From: Dave Chinner <david@fromorbit.com>
To: KOSAKI Motohiro <kosaki.motohiro@jp.fujitsu.com>
Cc: Chris Mason <chris.mason@oracle.com>, Mel Gorman <mel@csn.ul.ie>,
linux-kernel@vger.kernel.org, linux-mm@kvack.org,
linux-fsdevel@vger.kernel.org
Subject: Re: [PATCH] mm: disallow direct reclaim page writeback
Date: Wed, 14 Apr 2010 17:28:30 +1000 [thread overview]
Message-ID: <20100414072830.GK2493@dastard> (raw)
In-Reply-To: <20100414155233.D153.A69D9226@jp.fujitsu.com>
On Wed, Apr 14, 2010 at 03:52:44PM +0900, KOSAKI Motohiro wrote:
> > On Tue, Apr 13, 2010 at 04:20:21PM -0400, Chris Mason wrote:
> > > On Tue, Apr 13, 2010 at 08:34:29PM +0100, Mel Gorman wrote:
> > > > > Basically, there is not enough stack space available to allow direct
> > > > > reclaim to enter ->writepage _anywhere_ according to the stack usage
> > > > > profiles we are seeing here....
> > > > >
> > > >
> > > > I'm not denying the evidence but how has it been gotten away with for years
> > > > then? Prevention of writeback isn't the answer without figuring out how
> > > > direct reclaimers can queue pages for IO and in the case of lumpy reclaim
> > > > doing sync IO, then waiting on those pages.
> > >
> > > So, I've been reading along, nodding my head to Dave's side of things
> > > because seeks are evil and direct reclaim makes seeks. I'd really loev
> > > for direct reclaim to somehow trigger writepages on large chunks instead
> > > of doing page by page spatters of IO to the drive.
>
> I agree that "seeks are evil and direct reclaim makes seeks". Actually,
> making 4k io is not must for pageout. So, probably we can improve it.
>
>
> > Perhaps drop the lock on the page if it is held and call one of the
> > helpers that filesystems use to do this, like:
> >
> > filemap_write_and_wait(page->mapping);
>
> Sorry, I'm lost what you talk about. Why do we need per-file
> waiting? If file is 1GB file, do we need to wait 1GB writeout?
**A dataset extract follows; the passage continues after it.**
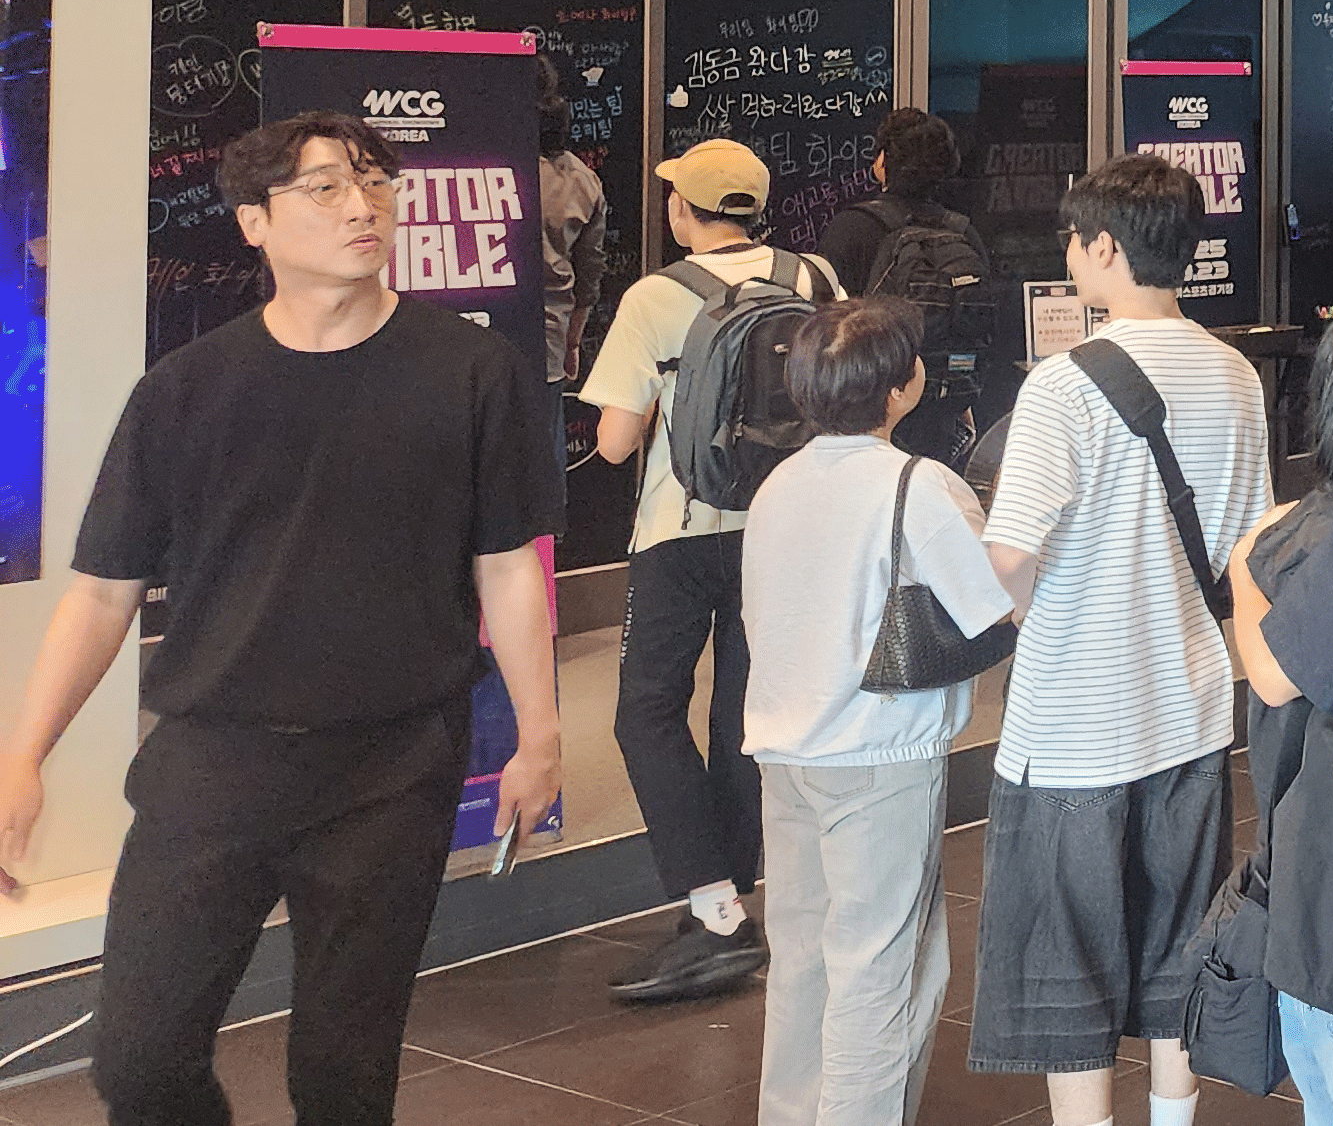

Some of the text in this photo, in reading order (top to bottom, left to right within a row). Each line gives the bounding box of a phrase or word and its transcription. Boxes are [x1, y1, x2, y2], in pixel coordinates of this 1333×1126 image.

[363, 89, 445, 116] WCG
[1169, 96, 1208, 113] WCG
[391, 167, 525, 223] ATOR
[1193, 239, 1228, 260] 25
So use filemap_fdatawrite(page->mapping), or if it's better only
to start IO on a segment of the file, use
filemap_fdatawrite_range(page->mapping, start, end)....
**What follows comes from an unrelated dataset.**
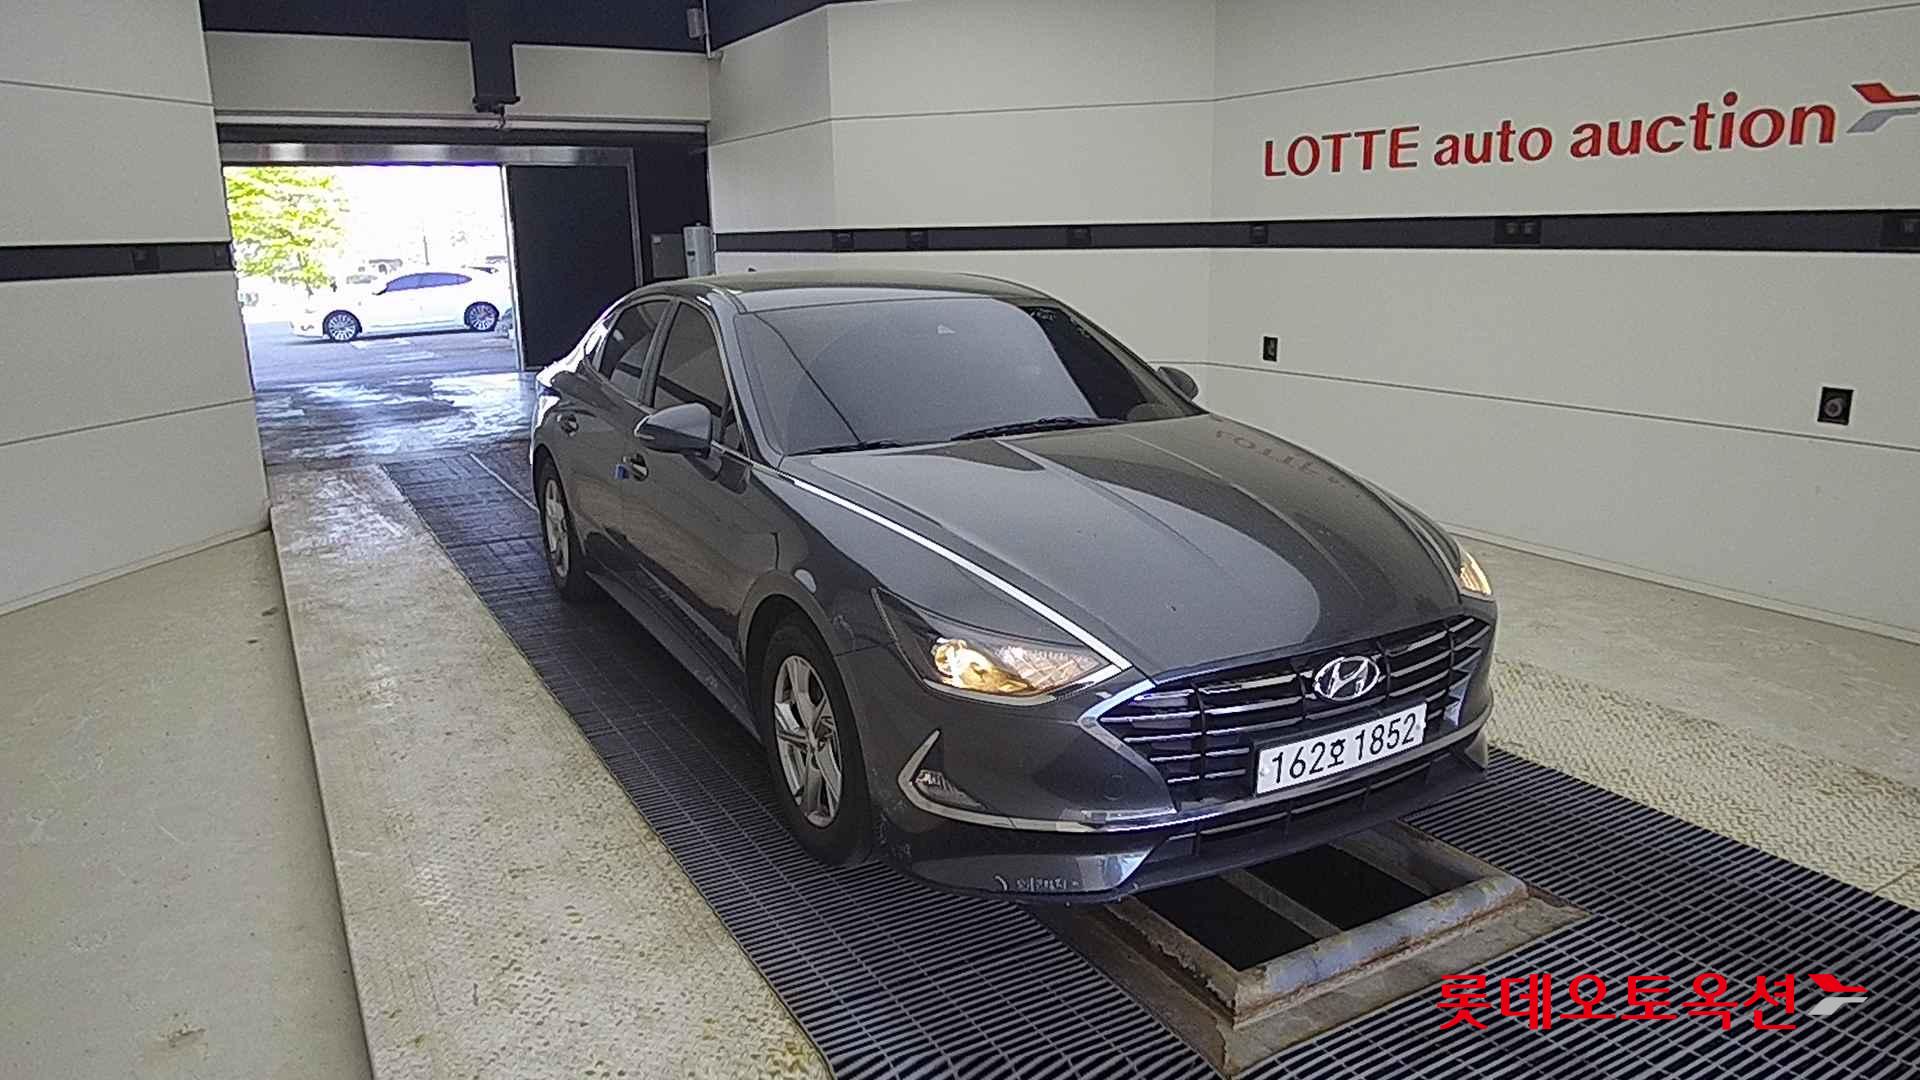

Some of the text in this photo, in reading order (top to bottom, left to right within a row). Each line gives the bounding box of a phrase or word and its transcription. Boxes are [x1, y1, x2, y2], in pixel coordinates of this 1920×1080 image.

[1264, 91, 1836, 177] LOTTE auto auction
[1272, 712, 1417, 784] 162호 1852
> > > But, somewhere along the line I overlooked the part of Dave's stack trace
> > > that said:
> > >
> > > 43) 1568 912 do_select+0x3d6/0x700
> > >
> > > Huh, 912 bytes...for select, really? From poll.h:
> >
> > Sure, it's bad, but we focussing on the specific case misses the
> > point that even code that is using minimal stack can enter direct
> > reclaim after consuming 1.5k of stack. e.g.:
>
> checkstack.pl says do_select() and __generic_file_splice_read() are one
> of worstest stack consumer. both sould be fixed.
the deepest call chain in queue_work() needs 700 bytes of stack
to complete, wait_for_completion() requires almost 2k of stack space
at it's deepest, the scheduler has some heavy stack users, etc,
and these are all functions that appear at the top of the stack.
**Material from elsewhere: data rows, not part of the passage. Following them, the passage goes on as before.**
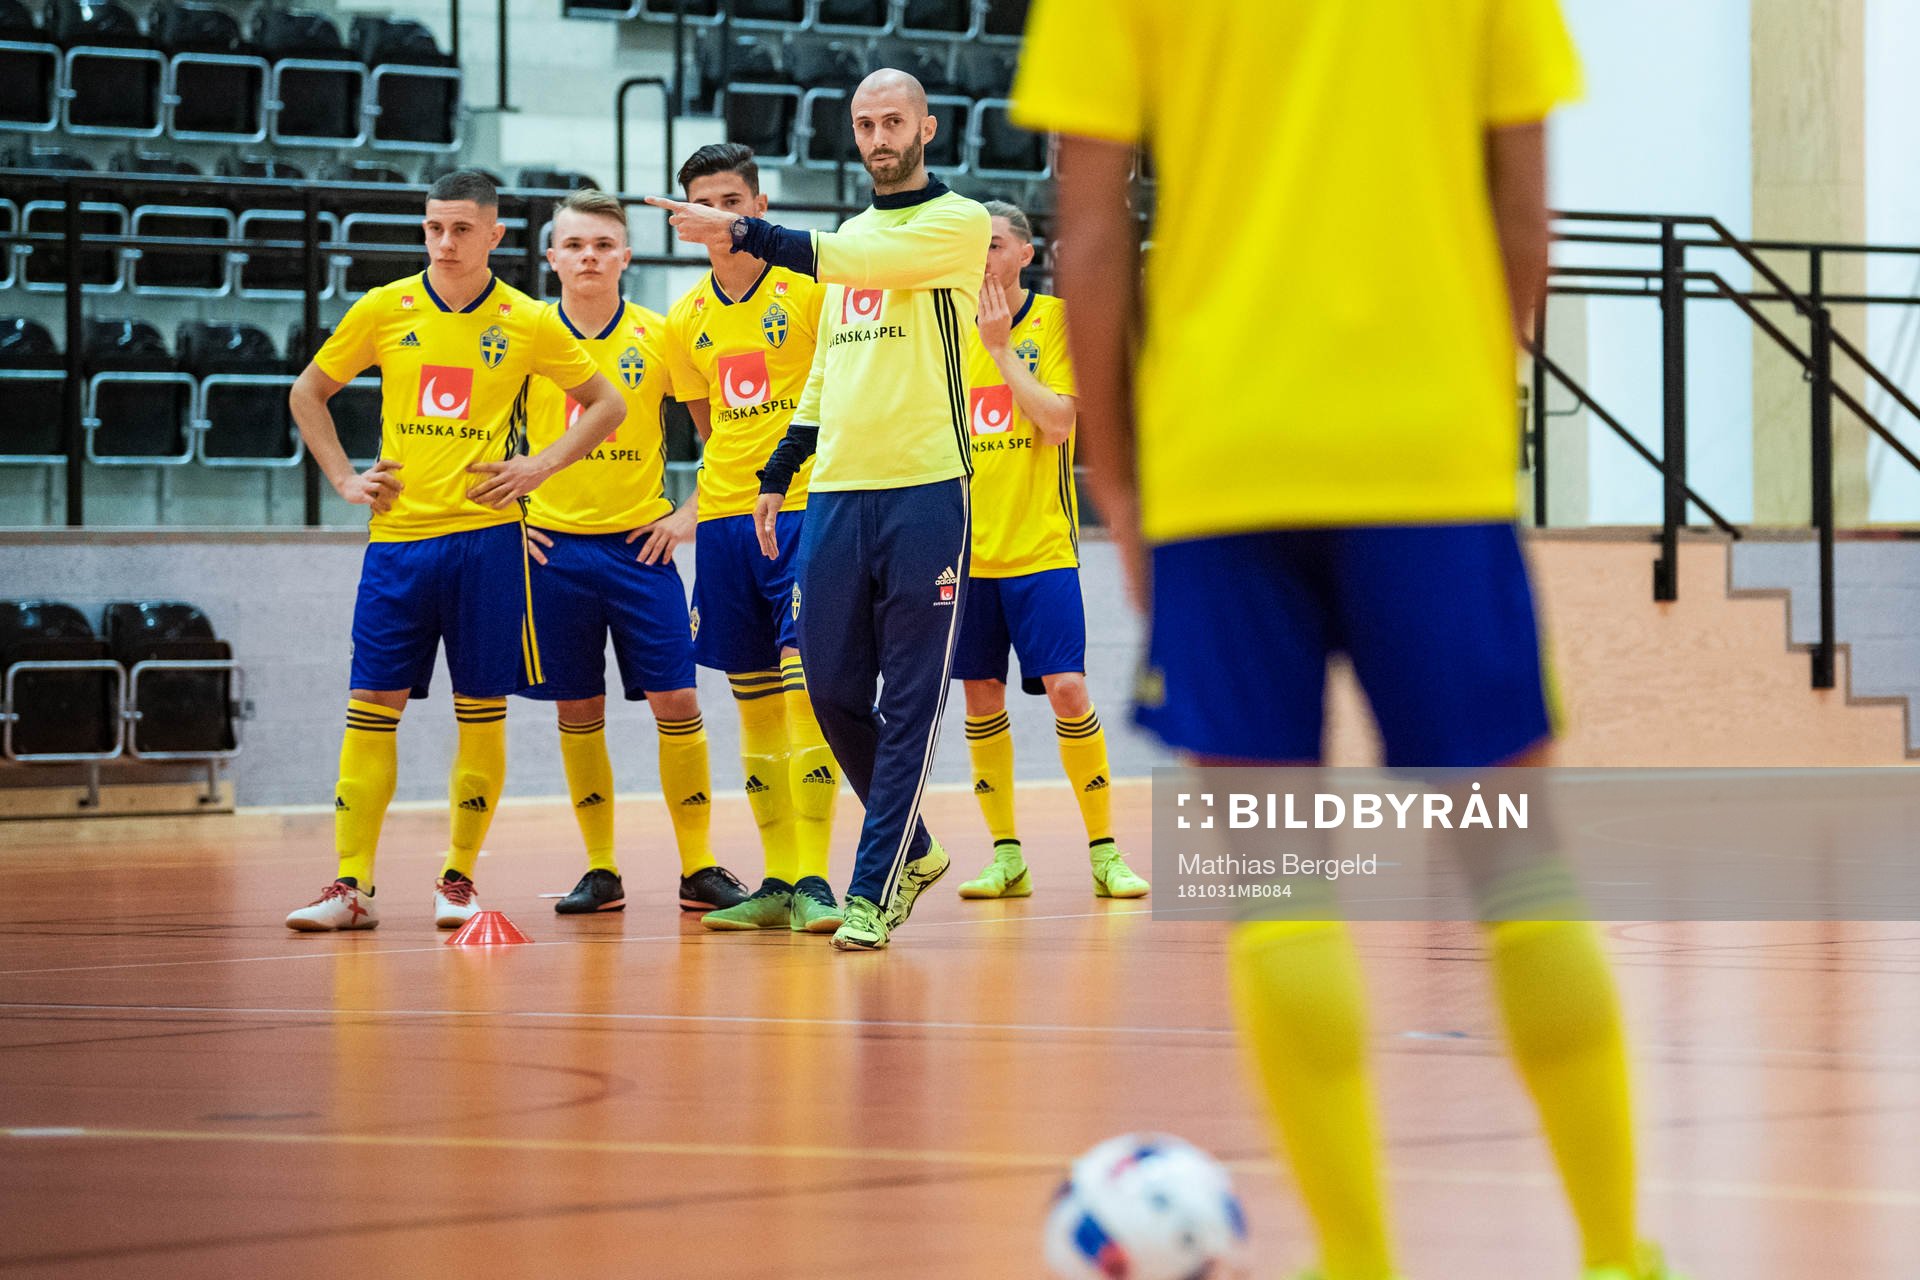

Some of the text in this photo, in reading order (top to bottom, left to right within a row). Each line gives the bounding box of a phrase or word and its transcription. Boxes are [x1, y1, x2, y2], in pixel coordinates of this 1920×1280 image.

[873, 325, 907, 338] SPEL
[761, 398, 798, 414] SPEL
[459, 427, 492, 441] SPEL
[971, 437, 1033, 453] NSKA SPE
[610, 449, 642, 461] SPEL
> also, checkstack.pl says such stack eater aren't so much.
Yeah, but when we have ia callchain 70 or more functions deep,
even 100 bytes of stack is a lot....
> > > So, select is intentionally trying to use that much stack. It should be using
> > > GFP_NOFS if it really wants to suck down that much stack...
> >
> > The code that did the allocation is called from multiple different
> > contexts - how is it supposed to know that in some of those contexts
> > it is supposed to treat memory allocation differently?
> >
> > This is my point - if you introduce a new semantic to memory allocation
> > that is "use GFP_NOFS when you are using too much stack" and too much
> > stack is more than 15% of the stack, then pretty much every code path
> > will need to set that flag...
>
> Nodding my head to Dave's side. changing caller argument seems not good
> solution. I mean
> - do_select() should use GFP_KERNEL instead stack (as revert 70674f95c0)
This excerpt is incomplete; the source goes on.